§ **Excerpted records**
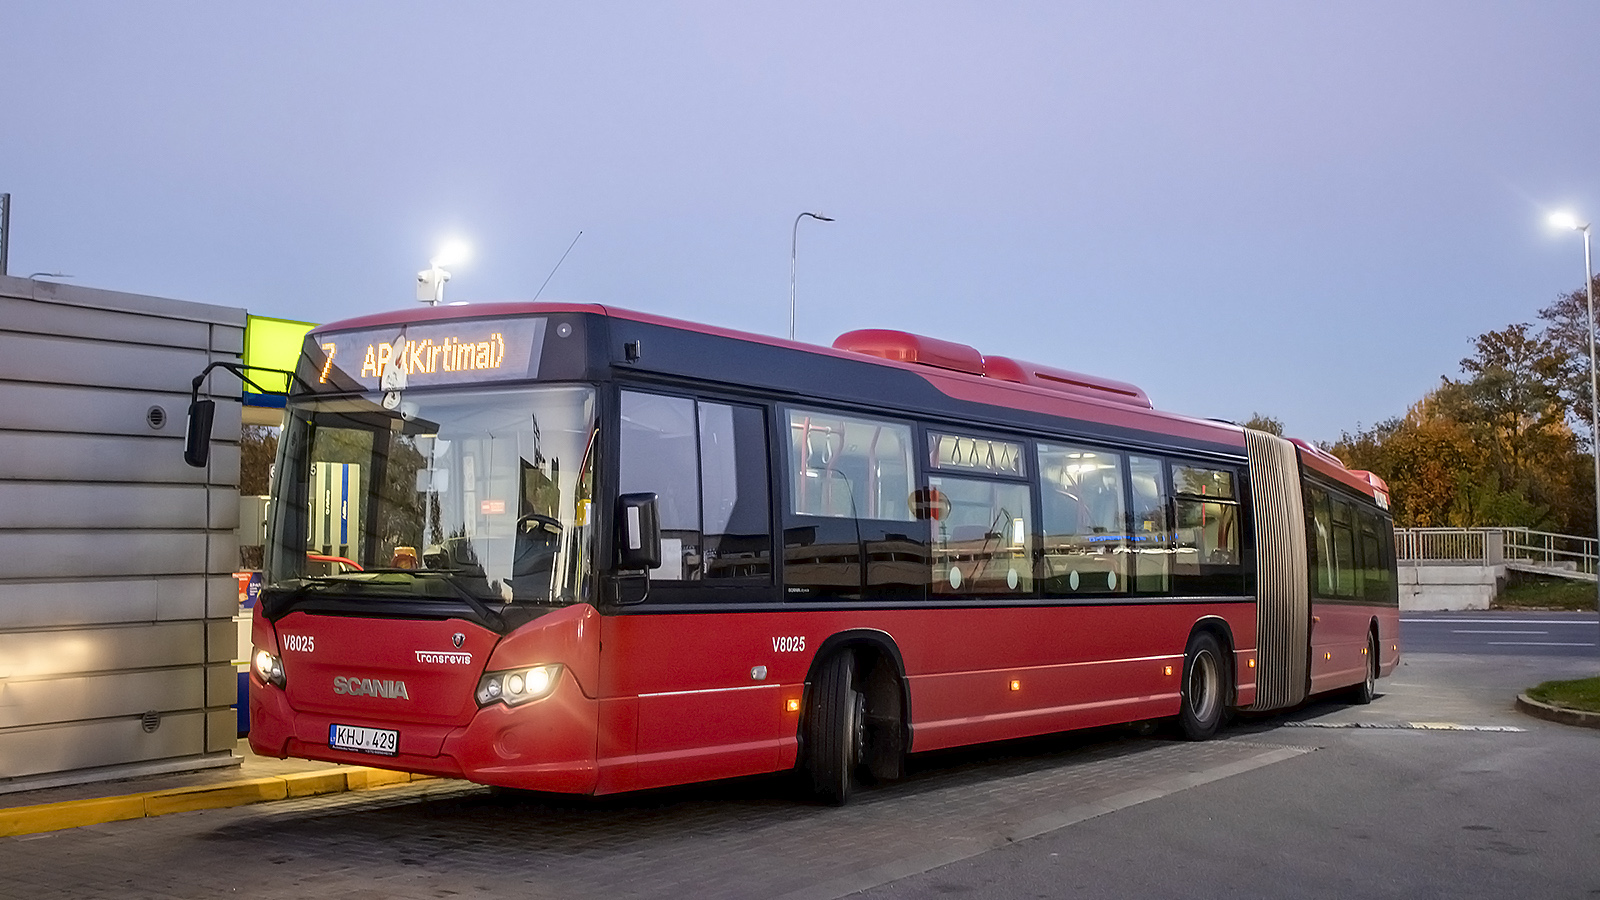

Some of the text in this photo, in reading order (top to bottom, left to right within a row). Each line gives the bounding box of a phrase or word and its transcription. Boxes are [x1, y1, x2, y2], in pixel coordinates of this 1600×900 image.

[319, 343, 336, 384] 7
[403, 333, 505, 375] (Kirtimai)
[283, 634, 315, 652] V8025
[772, 636, 806, 652] V8025
[415, 650, 473, 665] Transrevis
[333, 675, 410, 700] SCANIA
[337, 727, 395, 750] KHJ 429

§ **What to do**
Pictures omitted, give the entries again exactly.

§ **Expected answer**
Some of the text in this photo, in reading order (top to bottom, left to right within a row). Each line gives the bounding box of a phrase or word and its transcription. Boxes are [x1, y1, x2, y2], in pixel coordinates of this 1600×900 image.

[319, 343, 336, 384] 7
[403, 333, 505, 375] (Kirtimai)
[283, 634, 315, 652] V8025
[772, 636, 806, 652] V8025
[415, 650, 473, 665] Transrevis
[333, 675, 410, 700] SCANIA
[337, 727, 395, 750] KHJ 429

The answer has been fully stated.